» Exercise details: Your copy must hold all of the data below, unchanged and without images.

» Extracted data entries:
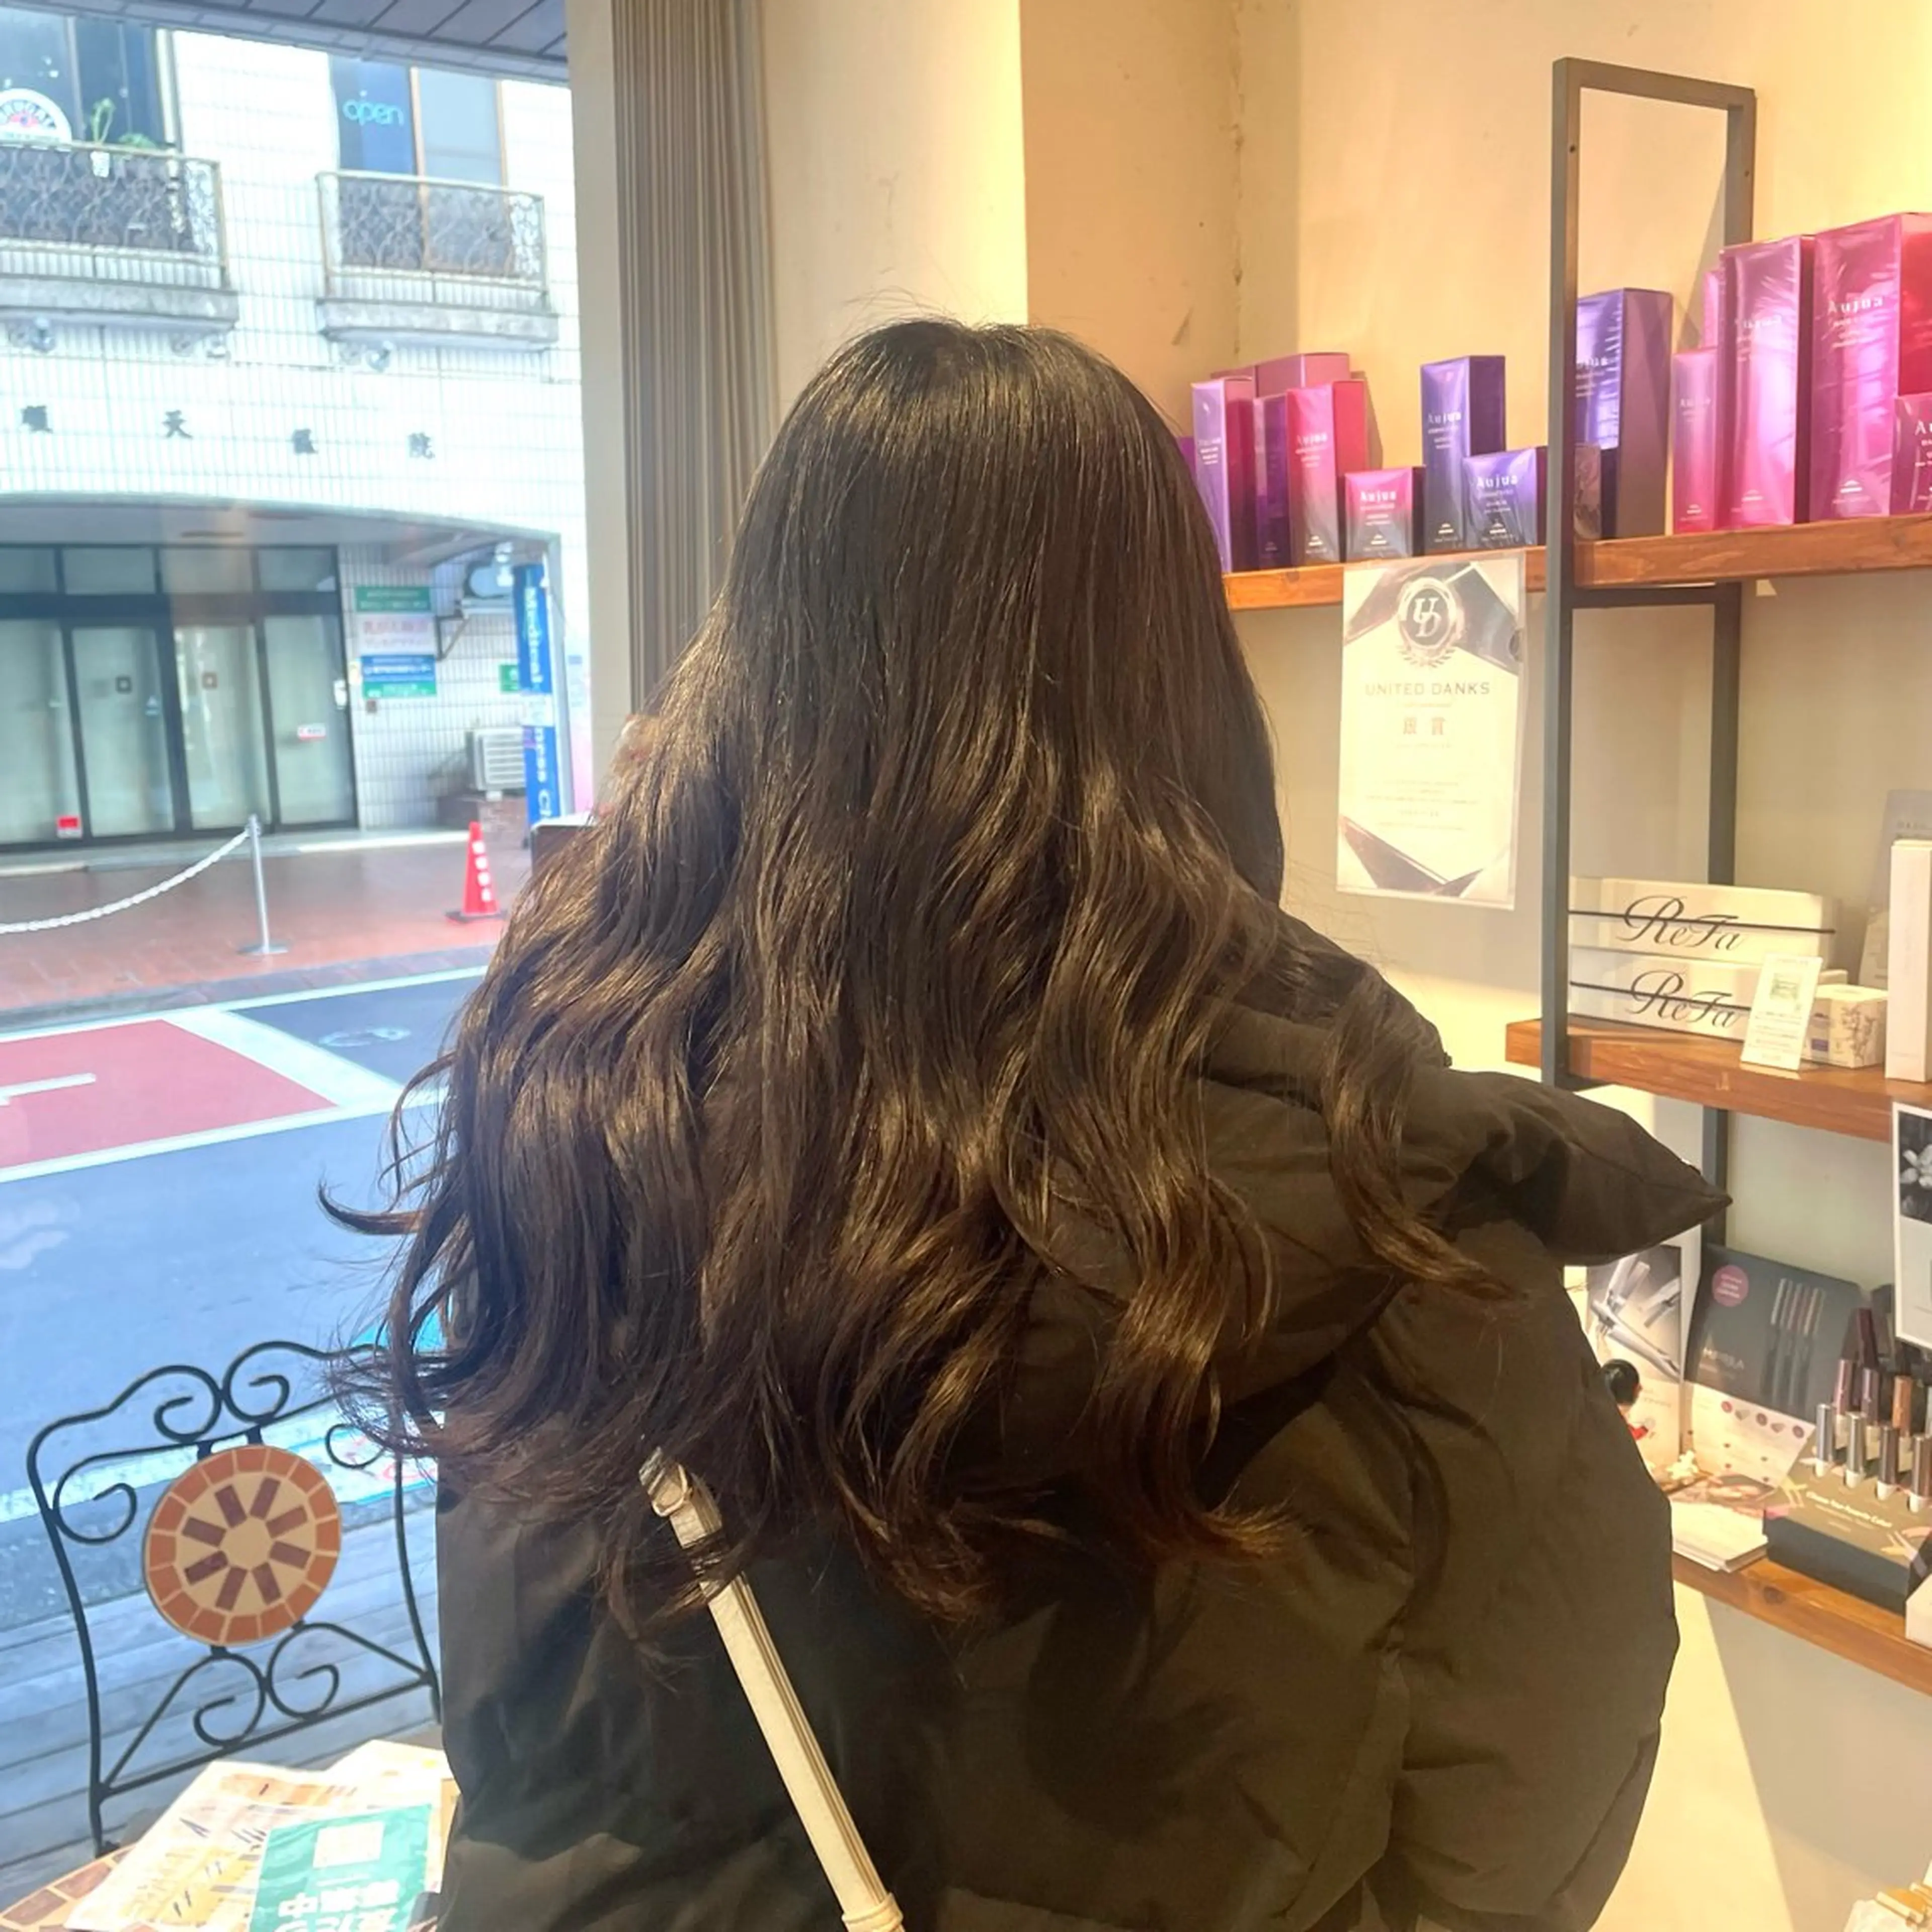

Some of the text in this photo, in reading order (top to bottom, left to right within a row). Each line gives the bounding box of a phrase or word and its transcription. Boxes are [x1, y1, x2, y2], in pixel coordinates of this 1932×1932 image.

[343, 100, 404, 126] open
[1364, 681, 1491, 696] UNITED DANKS
[1616, 895, 1747, 952] ReFa
[1625, 969, 1743, 1029] ReFa

» Answer to the exercise:
Some of the text in this photo, in reading order (top to bottom, left to right within a row). Each line gives the bounding box of a phrase or word and its transcription. Boxes are [x1, y1, x2, y2], in pixel coordinates of this 1932×1932 image.

[343, 100, 404, 126] open
[1364, 681, 1491, 696] UNITED DANKS
[1616, 895, 1747, 952] ReFa
[1625, 969, 1743, 1029] ReFa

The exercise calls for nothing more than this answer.